—Ensuite, si vous prenez goût aux choses nobles et délicates, vous vous ferez honnête homme, quoiqu'un peu tard.
—Je ne m'attendais pas, Lucrèce, à trouver ici des leçons de morale et de vertu.
—Flamant, à côté de vous, je me crois un ange. Pardonnez-moi mon ambition.

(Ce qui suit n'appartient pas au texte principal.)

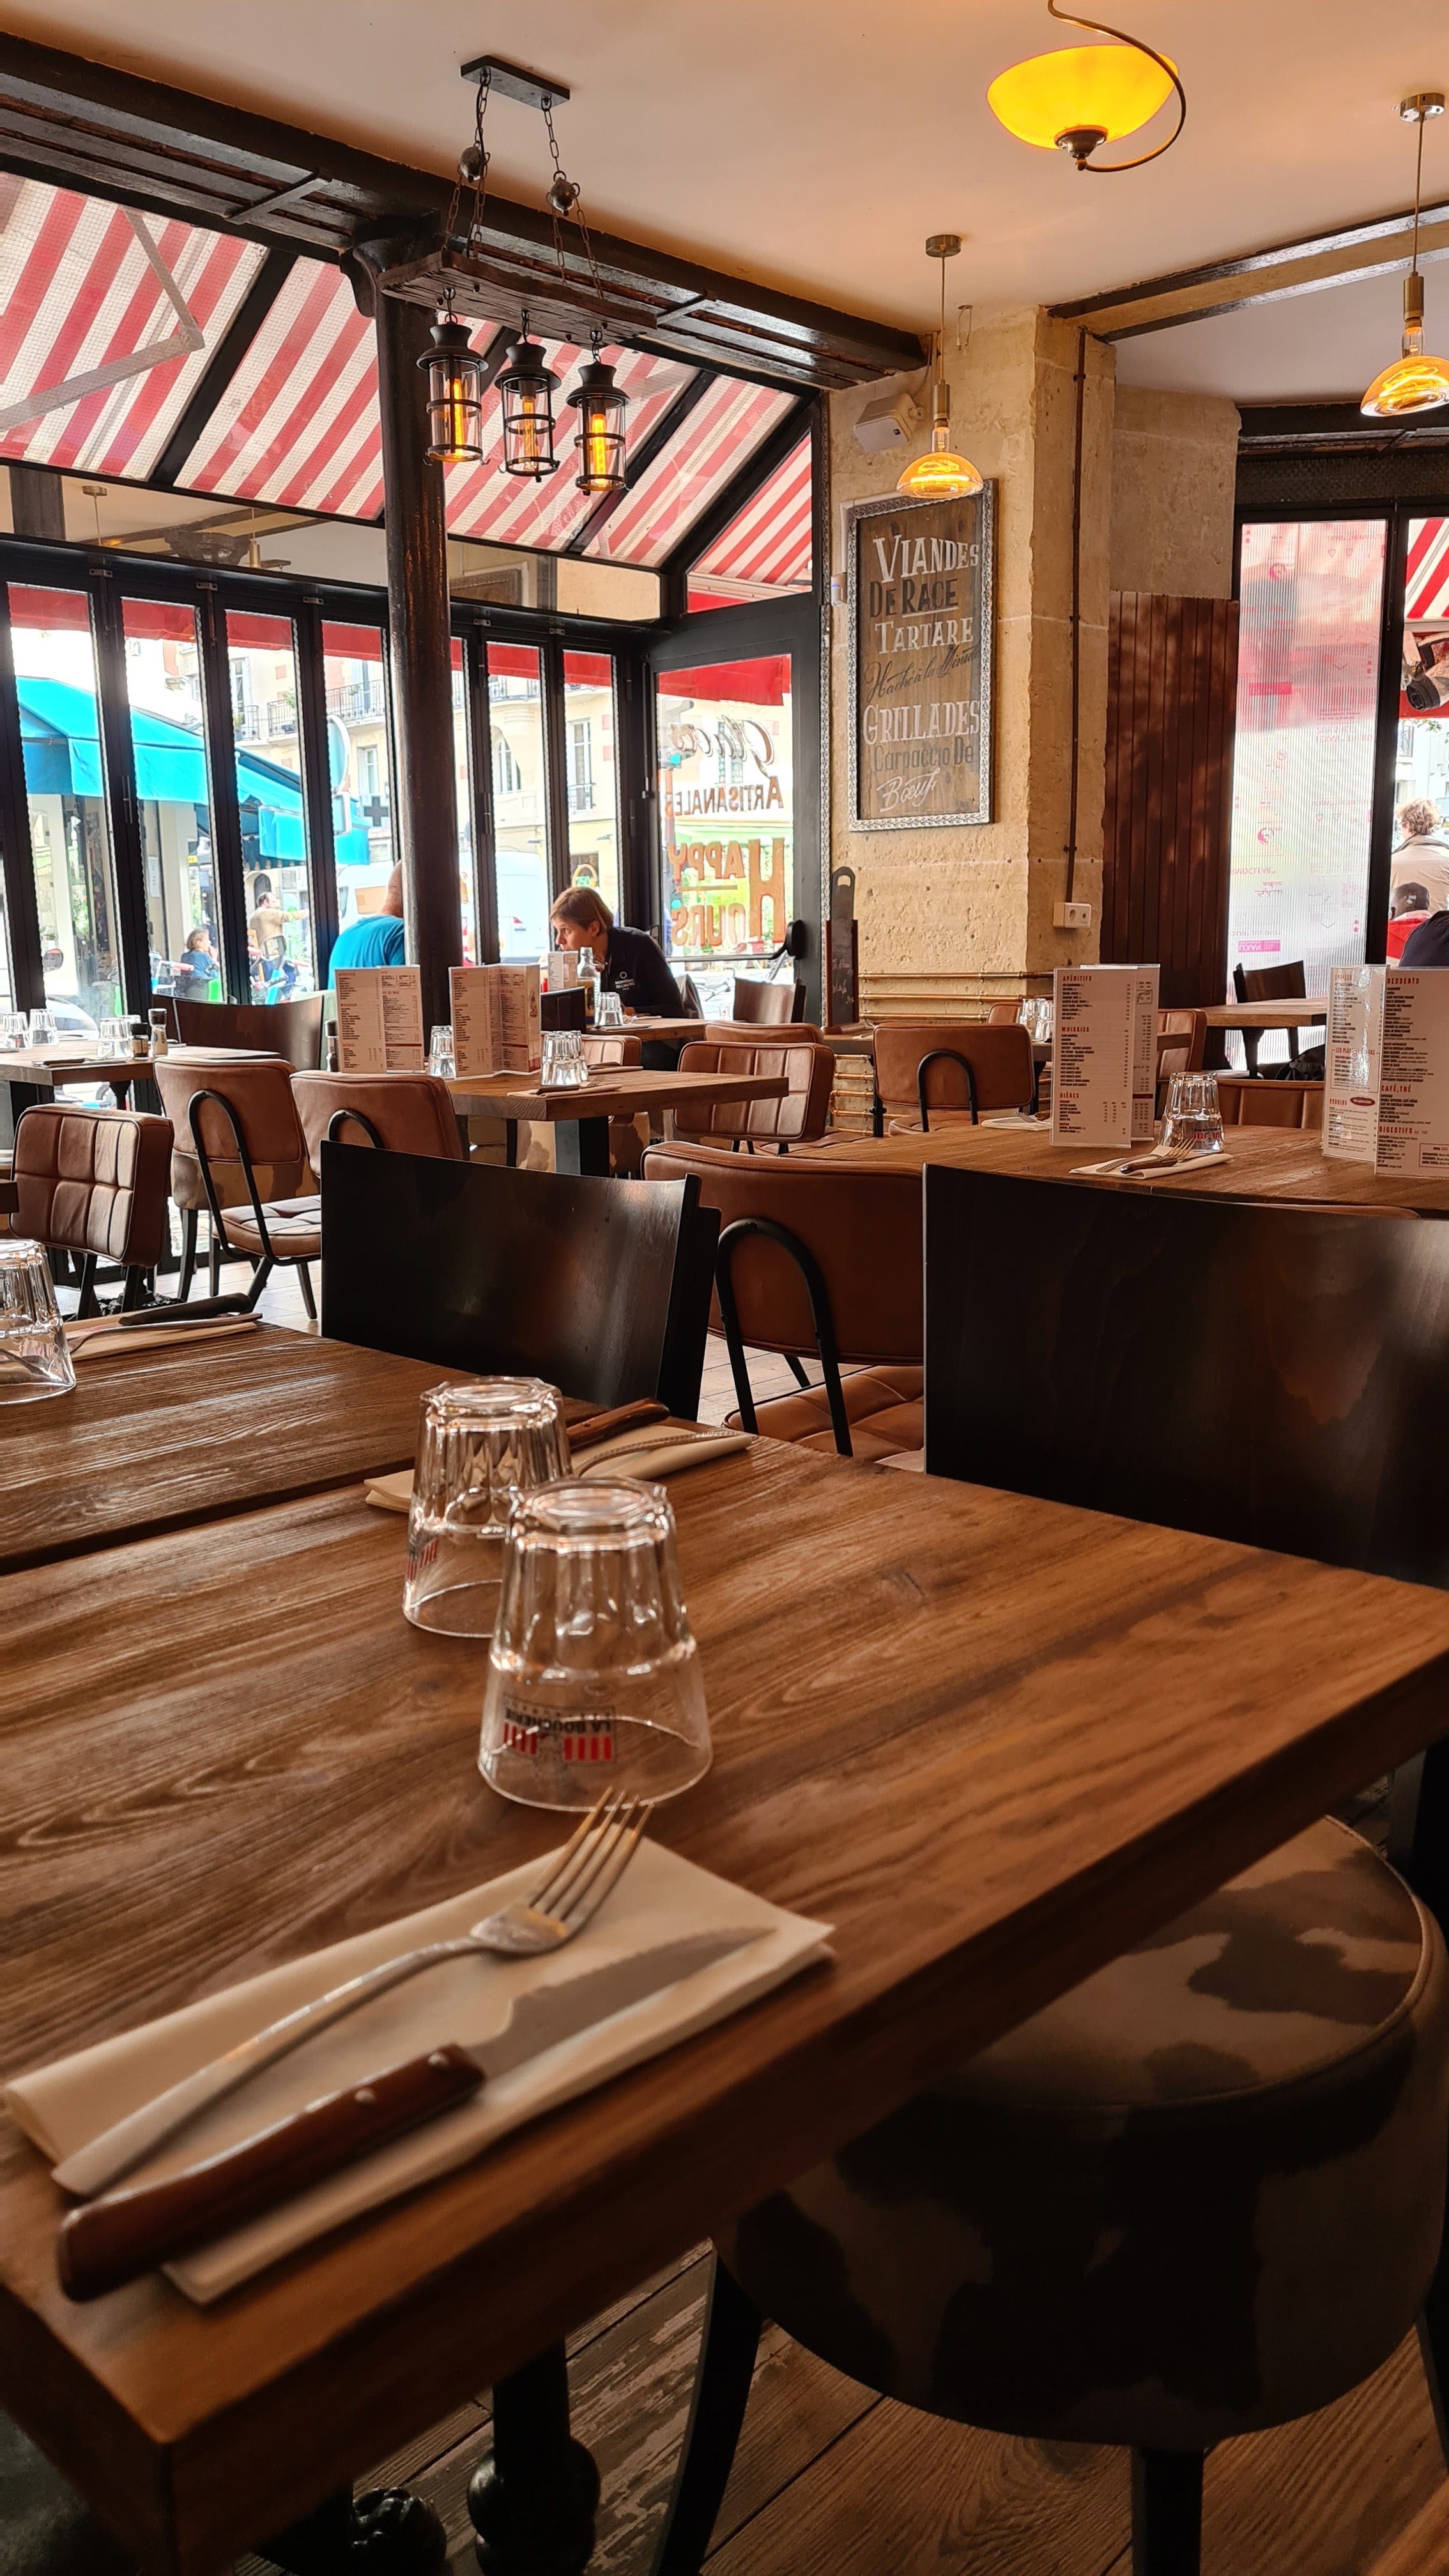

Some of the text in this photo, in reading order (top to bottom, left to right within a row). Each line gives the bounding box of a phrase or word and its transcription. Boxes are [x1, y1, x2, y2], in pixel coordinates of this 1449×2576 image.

—Lucrèce, vous avez des railleries charmantes, mais elles manquent d'à-propos; vous vous faites d'étranges illusions sur votre état… je ne suis pas venu ici pour écouter vos impertinences, mais pour vous éclairer… J'ai trois mandats d'arrêt dans ce portefeuille; le troisième est lancé contre vous. Un de mes agents est là dans votre vestibule, et la voiture qui doit vous conduire à la Salpêtrière vous attend au coin de la rue Mesnars… Vous connaissez maintenant mon pouvoir et votre danger… Avez-vous encore quelque sarcasme en réserve dans votre esprit?
—Citoyen Flamant, dit la jeune femme avec le plus grand calme.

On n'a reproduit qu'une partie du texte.